Recorded data —
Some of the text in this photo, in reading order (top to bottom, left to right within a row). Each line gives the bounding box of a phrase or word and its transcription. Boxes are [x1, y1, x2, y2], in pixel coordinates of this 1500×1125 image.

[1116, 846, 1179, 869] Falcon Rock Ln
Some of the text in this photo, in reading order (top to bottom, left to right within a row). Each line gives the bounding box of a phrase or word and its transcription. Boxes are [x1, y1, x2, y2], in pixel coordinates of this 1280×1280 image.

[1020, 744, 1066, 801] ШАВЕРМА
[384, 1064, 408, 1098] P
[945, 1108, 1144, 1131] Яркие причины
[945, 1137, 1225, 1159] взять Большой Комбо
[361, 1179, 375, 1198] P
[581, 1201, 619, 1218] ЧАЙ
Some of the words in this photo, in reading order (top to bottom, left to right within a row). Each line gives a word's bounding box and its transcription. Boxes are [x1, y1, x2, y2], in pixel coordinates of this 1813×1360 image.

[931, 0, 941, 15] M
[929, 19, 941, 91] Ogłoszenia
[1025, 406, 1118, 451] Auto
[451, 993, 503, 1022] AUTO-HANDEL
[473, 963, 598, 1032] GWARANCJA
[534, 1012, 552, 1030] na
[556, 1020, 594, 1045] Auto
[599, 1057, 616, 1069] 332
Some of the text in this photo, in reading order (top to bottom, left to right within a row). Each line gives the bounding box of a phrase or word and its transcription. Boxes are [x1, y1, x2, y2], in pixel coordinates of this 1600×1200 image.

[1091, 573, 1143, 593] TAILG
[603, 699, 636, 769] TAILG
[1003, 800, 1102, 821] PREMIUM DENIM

Task to carry out — Copy out all the records exactly.

Solution to this task —
Some of the text in this photo, in reading order (top to bottom, left to right within a row). Each line gives the bounding box of a phrase or word and its transcription. Boxes are [x1, y1, x2, y2], in pixel coordinates of this 1500×1125 image.

[1116, 846, 1179, 869] Falcon Rock Ln
Some of the text in this photo, in reading order (top to bottom, left to right within a row). Each line gives the bounding box of a phrase or word and its transcription. Boxes are [x1, y1, x2, y2], in pixel coordinates of this 1280×1280 image.

[1020, 744, 1066, 801] ШАВЕРМА
[384, 1064, 408, 1098] P
[945, 1108, 1144, 1131] Яркие причины
[945, 1137, 1225, 1159] взять Большой Комбо
[361, 1179, 375, 1198] P
[581, 1201, 619, 1218] ЧАЙ
Some of the words in this photo, in reading order (top to bottom, left to right within a row). Each line gives a word's bounding box and its transcription. Boxes are [x1, y1, x2, y2], in pixel coordinates of this 1813×1360 image.

[931, 0, 941, 15] M
[929, 19, 941, 91] Ogłoszenia
[1025, 406, 1118, 451] Auto
[451, 993, 503, 1022] AUTO-HANDEL
[473, 963, 598, 1032] GWARANCJA
[534, 1012, 552, 1030] na
[556, 1020, 594, 1045] Auto
[599, 1057, 616, 1069] 332
Some of the text in this photo, in reading order (top to bottom, left to right within a row). Each line gives the bounding box of a phrase or word and its transcription. Boxes are [x1, y1, x2, y2], in pixel coordinates of this 1600×1200 image.

[1091, 573, 1143, 593] TAILG
[603, 699, 636, 769] TAILG
[1003, 800, 1102, 821] PREMIUM DENIM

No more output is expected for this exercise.